Vice. Vice magazine.

I picked up the ‘second annual fiction issue’ a couple of weeks ago but put off reading it because the fiction they put in Vice last year had the same effect on me that Ann Coulter’s blog does, i.e. wanting to throw and break things.

Anyway, I finally skimmed through the issue and found this paragraph:

“I have scoliosis. The feelings of being loved never penetrates. Being alive is irritating. I can’t come without thinking of the porn in my dad’s closet. I feel bad for wanting the easy way sometimes. I don’t think anything is real. Everything hurts.”

That’s when I threw the magazine across the room and said ‘oh dear god’. Then I had to go for a walk because I felt nauseous.

I don’t do this very often, but I think I’m going to have to take this issue of Vice into the clearing up the road and subject it to Ritual Burning. The last thing I did this with was a religious text of some kind.

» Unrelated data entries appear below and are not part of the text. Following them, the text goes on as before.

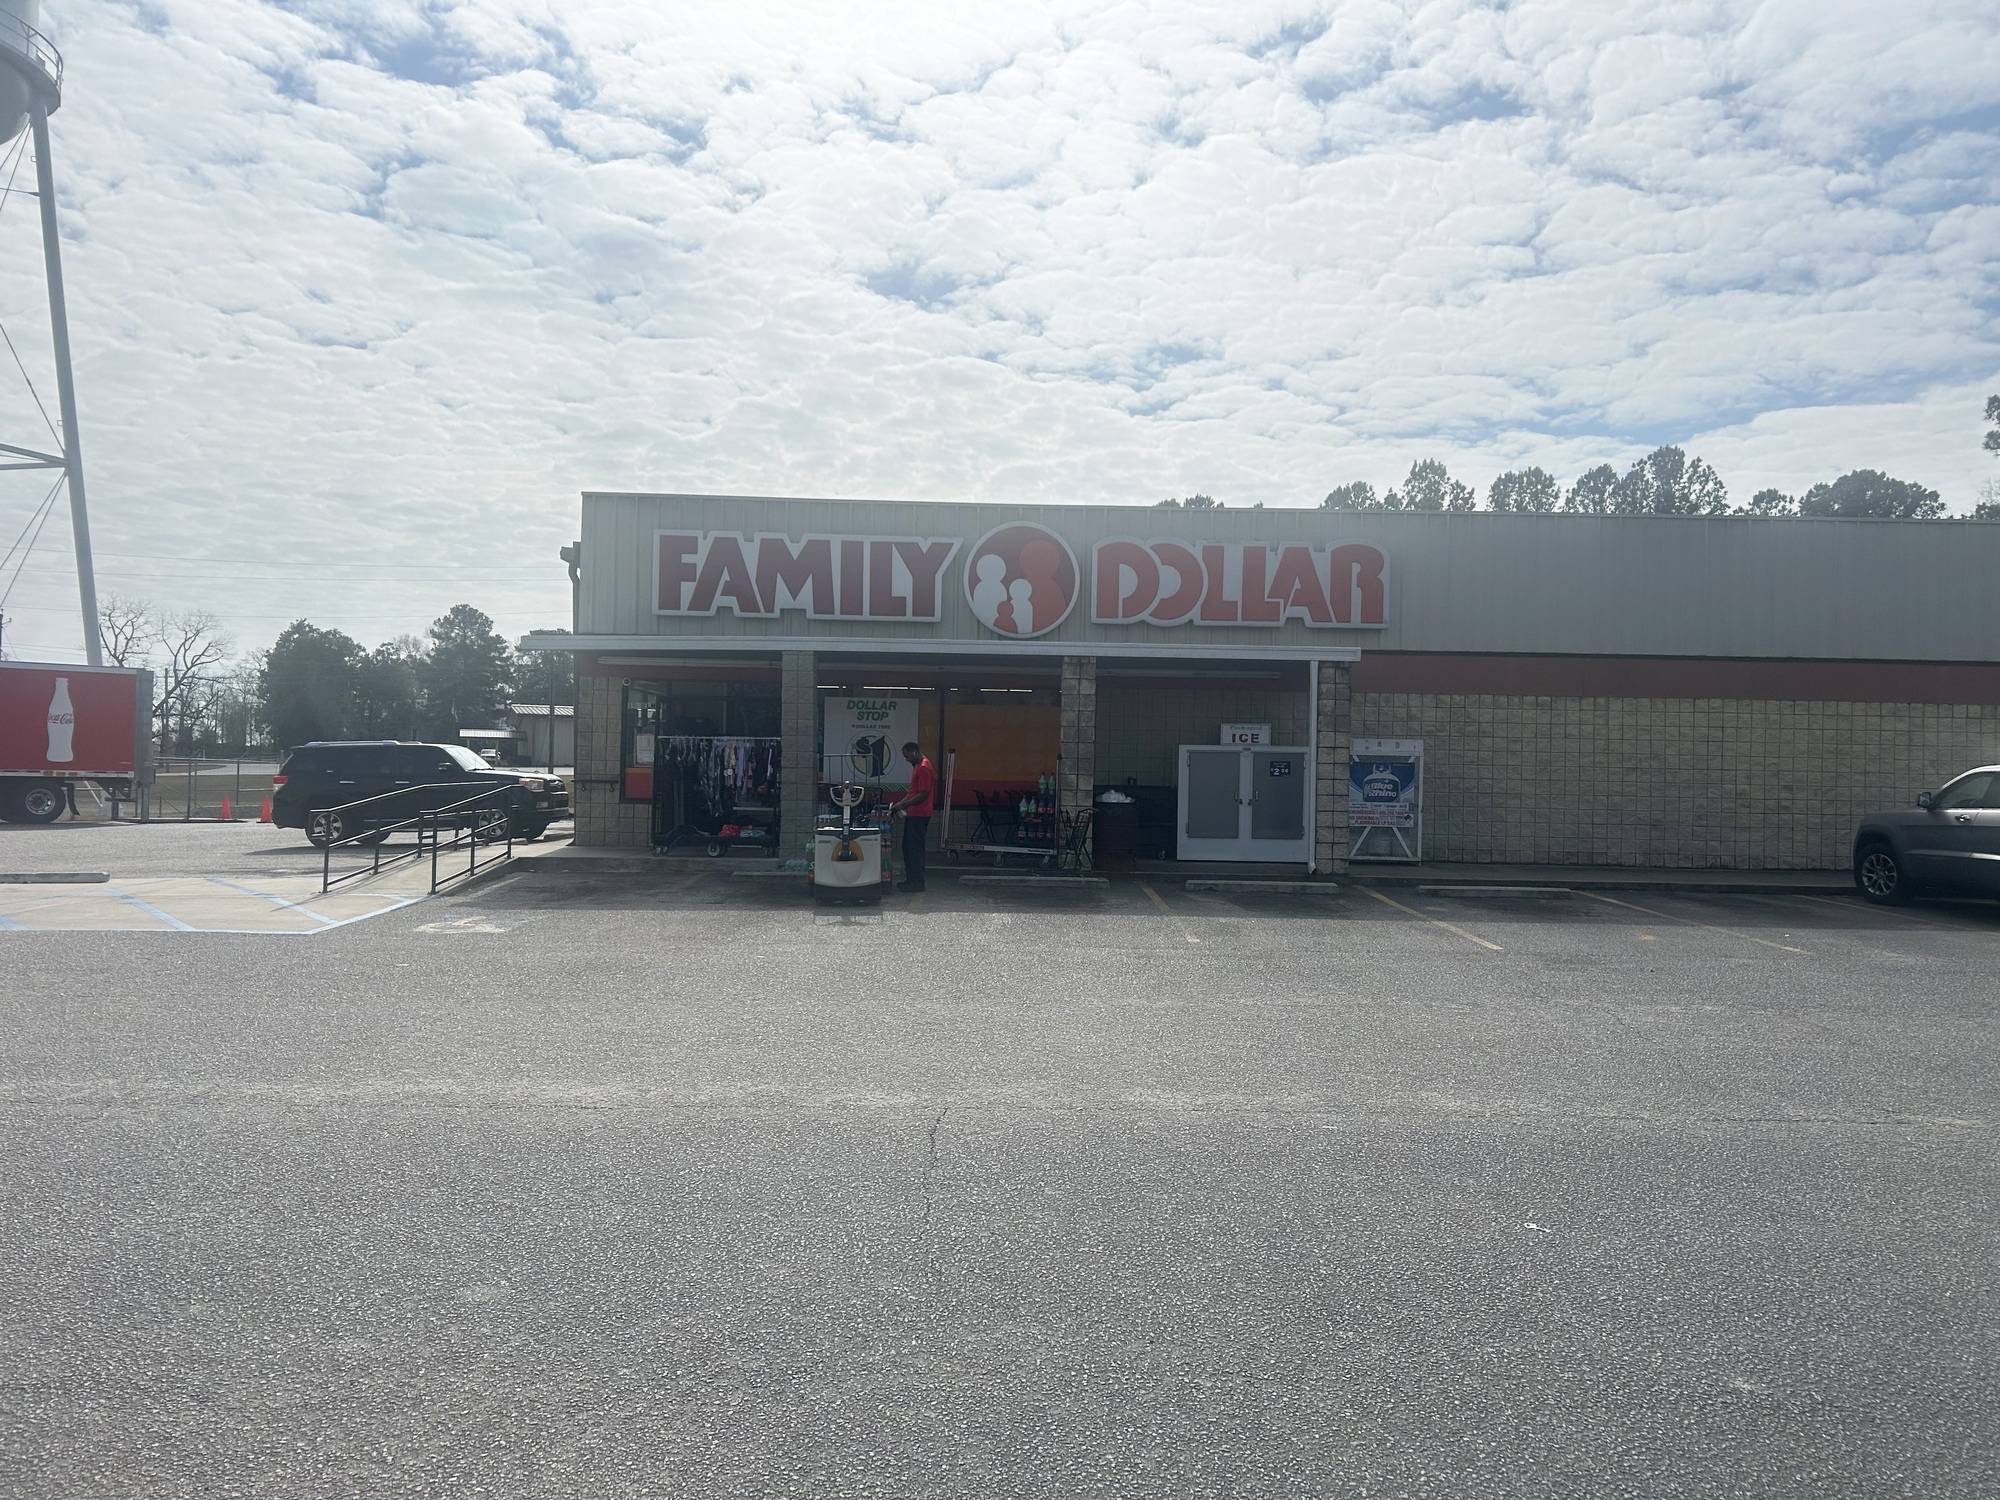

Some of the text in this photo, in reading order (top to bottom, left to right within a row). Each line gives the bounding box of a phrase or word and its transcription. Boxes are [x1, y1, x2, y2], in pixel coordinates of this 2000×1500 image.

[658, 535, 1385, 625] FAMILY DOLLAR
[846, 700, 897, 710] DOLLAR
[857, 711, 889, 721] STOP
[1232, 733, 1260, 743] ICE
[1369, 789, 1397, 797] Rhino

Next year, instead of picking up the fiction issue of Vice, I’m just going to rub a cheese grater against my scalp whilst visualising New York hipsters sitting alone in their apartments cutting themselves out of self-induced self-loathing. You know it’s self-induced because it’s motivated by ambition. Self-loathing and self-pity are such great assets to artists in their mid to late twenties and early thirties, you know?